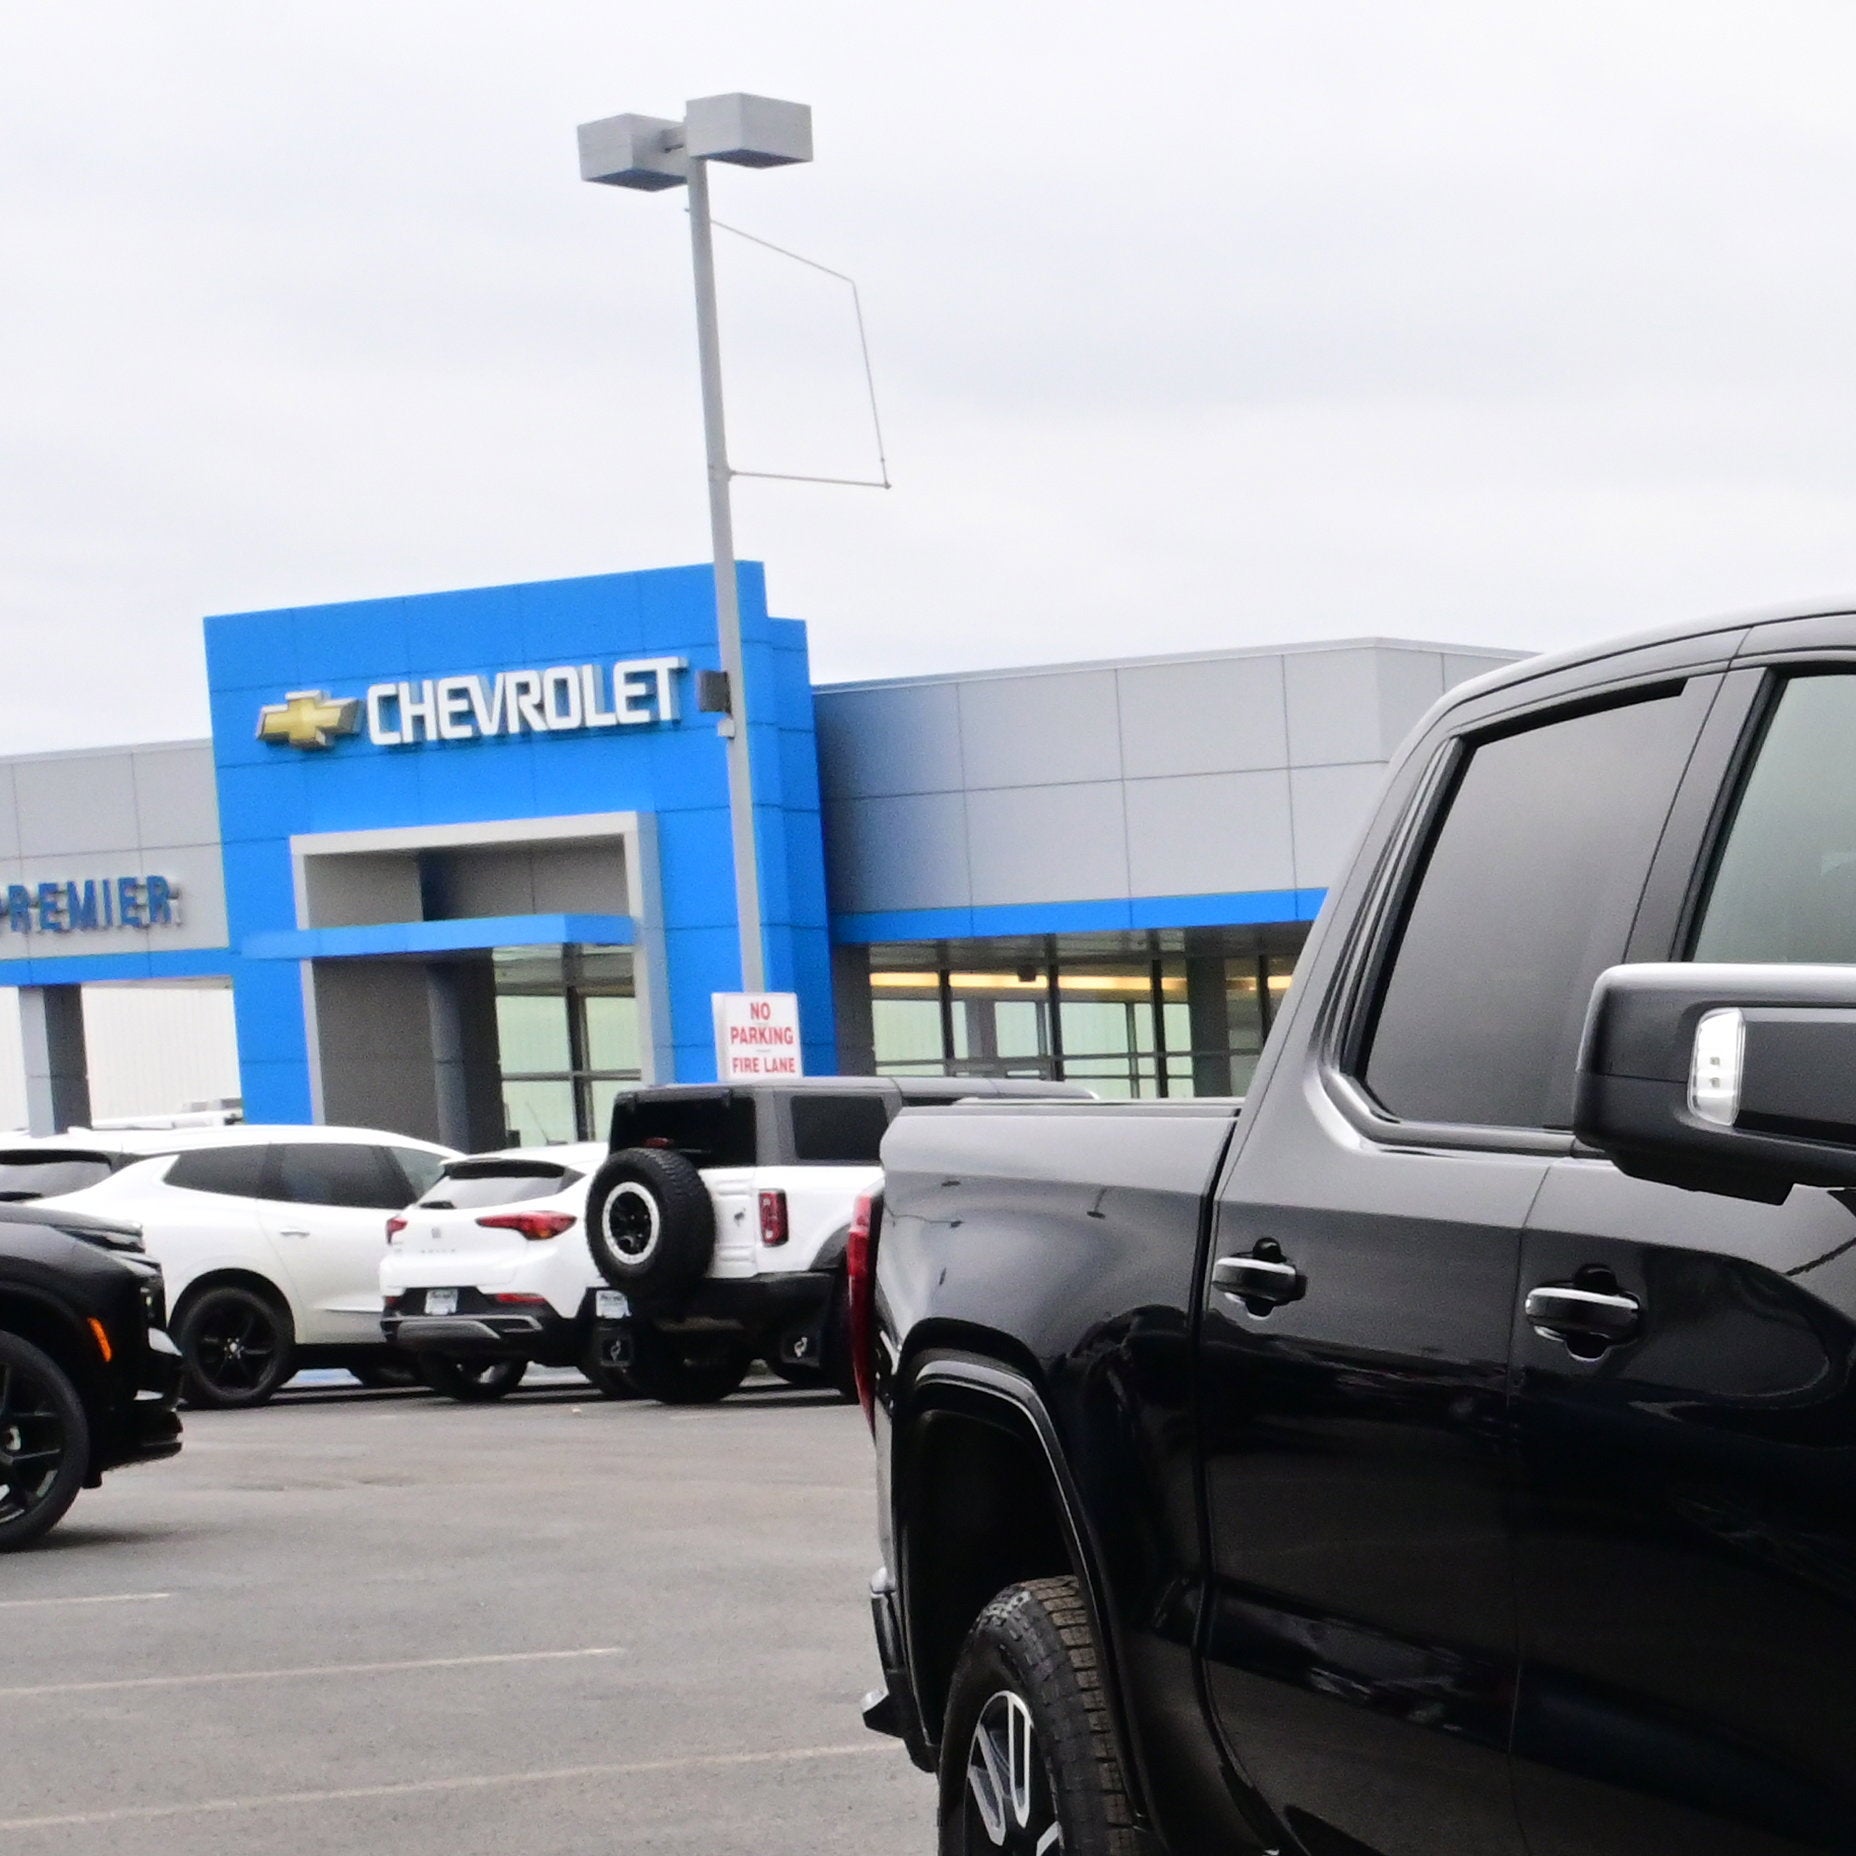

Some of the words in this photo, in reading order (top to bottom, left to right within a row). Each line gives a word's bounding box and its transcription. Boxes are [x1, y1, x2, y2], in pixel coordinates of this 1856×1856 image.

[367, 656, 682, 746] CHEVROLET
[750, 1002, 771, 1020] NO
[730, 1026, 794, 1045] PARKING
[732, 1057, 760, 1073] FIRE
[763, 1057, 796, 1073] LANE
====================
Work item =>
Only the records, copied exactly and free of pictures, belong in the answer.

Exercise output =>
Some of the words in this photo, in reading order (top to bottom, left to right within a row). Each line gives a word's bounding box and its transcription. Boxes are [x1, y1, x2, y2], in pixel coordinates of this 1856×1856 image.

[367, 656, 682, 746] CHEVROLET
[750, 1002, 771, 1020] NO
[730, 1026, 794, 1045] PARKING
[732, 1057, 760, 1073] FIRE
[763, 1057, 796, 1073] LANE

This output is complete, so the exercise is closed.